The benefits of higher education are clear. Nearly 2 million bachelor’s degrees will be awarded in the United States each year. An adult working full-time with a bachelor’s degree earns an average of $46,000 compared to $30,000 for those with a high school diploma. To many, attending university means improved job prospects and earning potential.

And people are willing to leverage their future to do it. The amount of student debt that students are taking on has increased 2x over the last twenty years. The total amount of student loan debt in the United States is over $1 trillion. That’s twice the gross domestic product of Belgium.

In fact, the class of 2014 is in the record books, being the most indebted class in history.
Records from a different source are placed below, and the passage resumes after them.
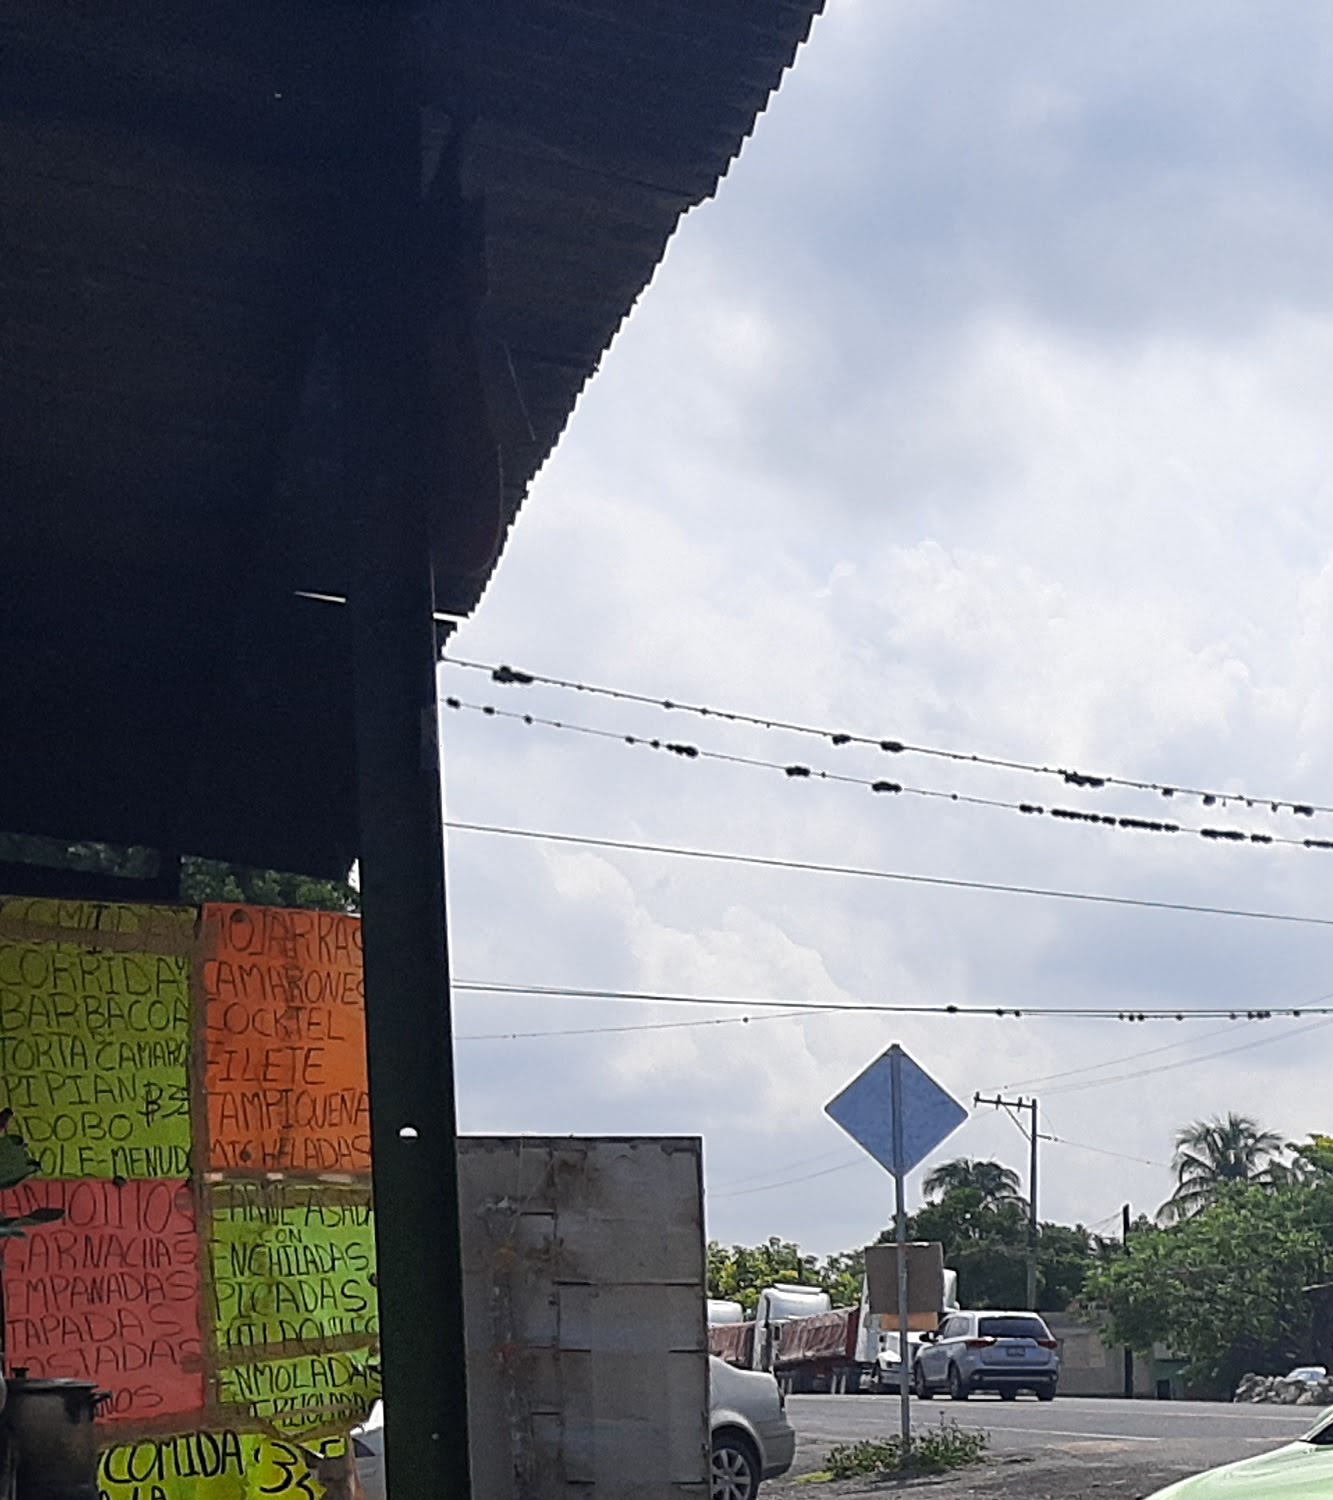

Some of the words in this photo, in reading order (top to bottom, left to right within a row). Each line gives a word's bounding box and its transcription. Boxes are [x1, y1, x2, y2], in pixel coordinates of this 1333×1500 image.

[0, 943, 184, 997] CORRIDA
[0, 989, 190, 1034] BARBACOA
[0, 1031, 88, 1071] TORTA
[2, 1070, 138, 1107] PIPIAN
[38, 1144, 190, 1178] OLE-MENUD
[258, 1228, 303, 1244] CON
[208, 1240, 370, 1278] ENCHILADAS
[5, 1269, 197, 1316] EMPANADAS
[212, 1276, 368, 1321] PICADAS
[7, 1302, 184, 1354] TAPADAS
[103, 1430, 244, 1484] COMIDA
The average graduate in the class of 2014 had student loan debt on the order of $33,000 – according to data by Edvisors, a group of web sites that talk about planning and paying for college.

There are various explanations as to why college is so expensive. Schools all over the country have added improved services like having mental health counselors on staff or emergency alert services. Some of the costs are due to increased spending on construction of buildings and equipment.

But that’s not really the whole story. The main culprit is labor costs. Between 1993 and 2007 administration costs rose 61%, nearly twice as much as total university costs. Enrollment in that same period increased by 15% but administrators employed increased by 40%. Finally there are government cuts to state funding. Think about how every time there is a recession the first cuts made are often to education budgets. These cuts add up over the decades, with the cumulative effect being felt in the bank accounts of college graduates.

What About Learning Online?

An explosion in online learning options means that attaining the knowledge that comes with going to a brick-and-mortar university is easier and cheaper than ever. Some of them are even offering college credit. The University of Phoenix has a student body of 250,000 – making it the largest university in the United States.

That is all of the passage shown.